#### ACTION ITEM
Word for word, restate every entry that follows.

RECORDS SUPPLIED Block Start

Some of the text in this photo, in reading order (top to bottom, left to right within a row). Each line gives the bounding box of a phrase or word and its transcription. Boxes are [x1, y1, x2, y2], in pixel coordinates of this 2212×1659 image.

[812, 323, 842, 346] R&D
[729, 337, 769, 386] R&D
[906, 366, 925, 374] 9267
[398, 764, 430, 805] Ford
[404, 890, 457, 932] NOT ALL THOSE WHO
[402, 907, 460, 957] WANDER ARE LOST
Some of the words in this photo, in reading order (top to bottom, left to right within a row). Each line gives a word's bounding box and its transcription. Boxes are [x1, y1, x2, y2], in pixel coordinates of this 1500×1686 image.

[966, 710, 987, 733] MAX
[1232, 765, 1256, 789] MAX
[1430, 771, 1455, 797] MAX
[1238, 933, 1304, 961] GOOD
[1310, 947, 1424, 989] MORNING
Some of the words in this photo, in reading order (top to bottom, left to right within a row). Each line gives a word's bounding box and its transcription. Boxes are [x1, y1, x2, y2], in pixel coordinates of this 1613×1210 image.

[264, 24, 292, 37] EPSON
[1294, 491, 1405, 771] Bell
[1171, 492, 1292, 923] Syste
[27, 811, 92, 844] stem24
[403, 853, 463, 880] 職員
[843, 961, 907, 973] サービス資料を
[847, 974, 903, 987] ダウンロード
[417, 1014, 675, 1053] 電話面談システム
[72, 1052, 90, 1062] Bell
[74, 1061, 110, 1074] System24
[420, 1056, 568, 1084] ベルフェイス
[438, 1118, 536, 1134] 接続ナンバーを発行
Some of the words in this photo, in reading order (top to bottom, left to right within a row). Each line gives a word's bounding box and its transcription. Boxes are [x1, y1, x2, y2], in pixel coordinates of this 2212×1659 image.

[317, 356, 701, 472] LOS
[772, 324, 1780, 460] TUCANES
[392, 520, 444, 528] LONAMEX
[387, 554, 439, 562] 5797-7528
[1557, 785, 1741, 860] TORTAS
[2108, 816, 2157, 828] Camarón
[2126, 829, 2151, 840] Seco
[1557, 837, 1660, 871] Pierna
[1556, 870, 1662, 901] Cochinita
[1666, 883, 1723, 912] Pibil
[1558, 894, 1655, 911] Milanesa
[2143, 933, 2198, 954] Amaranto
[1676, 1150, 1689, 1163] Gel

RECORDS SUPPLIED Block End

#### TASK RESPONSE
Some of the text in this photo, in reading order (top to bottom, left to right within a row). Each line gives the bounding box of a phrase or word and its transcription. Boxes are [x1, y1, x2, y2], in pixel coordinates of this 2212×1659 image.

[812, 323, 842, 346] R&D
[729, 337, 769, 386] R&D
[906, 366, 925, 374] 9267
[398, 764, 430, 805] Ford
[404, 890, 457, 932] NOT ALL THOSE WHO
[402, 907, 460, 957] WANDER ARE LOST
Some of the words in this photo, in reading order (top to bottom, left to right within a row). Each line gives a word's bounding box and its transcription. Boxes are [x1, y1, x2, y2], in pixel coordinates of this 1500×1686 image.

[966, 710, 987, 733] MAX
[1232, 765, 1256, 789] MAX
[1430, 771, 1455, 797] MAX
[1238, 933, 1304, 961] GOOD
[1310, 947, 1424, 989] MORNING
Some of the words in this photo, in reading order (top to bottom, left to right within a row). Each line gives a word's bounding box and its transcription. Boxes are [x1, y1, x2, y2], in pixel coordinates of this 1613×1210 image.

[264, 24, 292, 37] EPSON
[1294, 491, 1405, 771] Bell
[1171, 492, 1292, 923] Syste
[27, 811, 92, 844] stem24
[403, 853, 463, 880] 職員
[843, 961, 907, 973] サービス資料を
[847, 974, 903, 987] ダウンロード
[417, 1014, 675, 1053] 電話面談システム
[72, 1052, 90, 1062] Bell
[74, 1061, 110, 1074] System24
[420, 1056, 568, 1084] ベルフェイス
[438, 1118, 536, 1134] 接続ナンバーを発行
Some of the words in this photo, in reading order (top to bottom, left to right within a row). Each line gives a word's bounding box and its transcription. Boxes are [x1, y1, x2, y2], in pixel coordinates of this 2212×1659 image.

[317, 356, 701, 472] LOS
[772, 324, 1780, 460] TUCANES
[392, 520, 444, 528] LONAMEX
[387, 554, 439, 562] 5797-7528
[1557, 785, 1741, 860] TORTAS
[2108, 816, 2157, 828] Camarón
[2126, 829, 2151, 840] Seco
[1557, 837, 1660, 871] Pierna
[1556, 870, 1662, 901] Cochinita
[1666, 883, 1723, 912] Pibil
[1558, 894, 1655, 911] Milanesa
[2143, 933, 2198, 954] Amaranto
[1676, 1150, 1689, 1163] Gel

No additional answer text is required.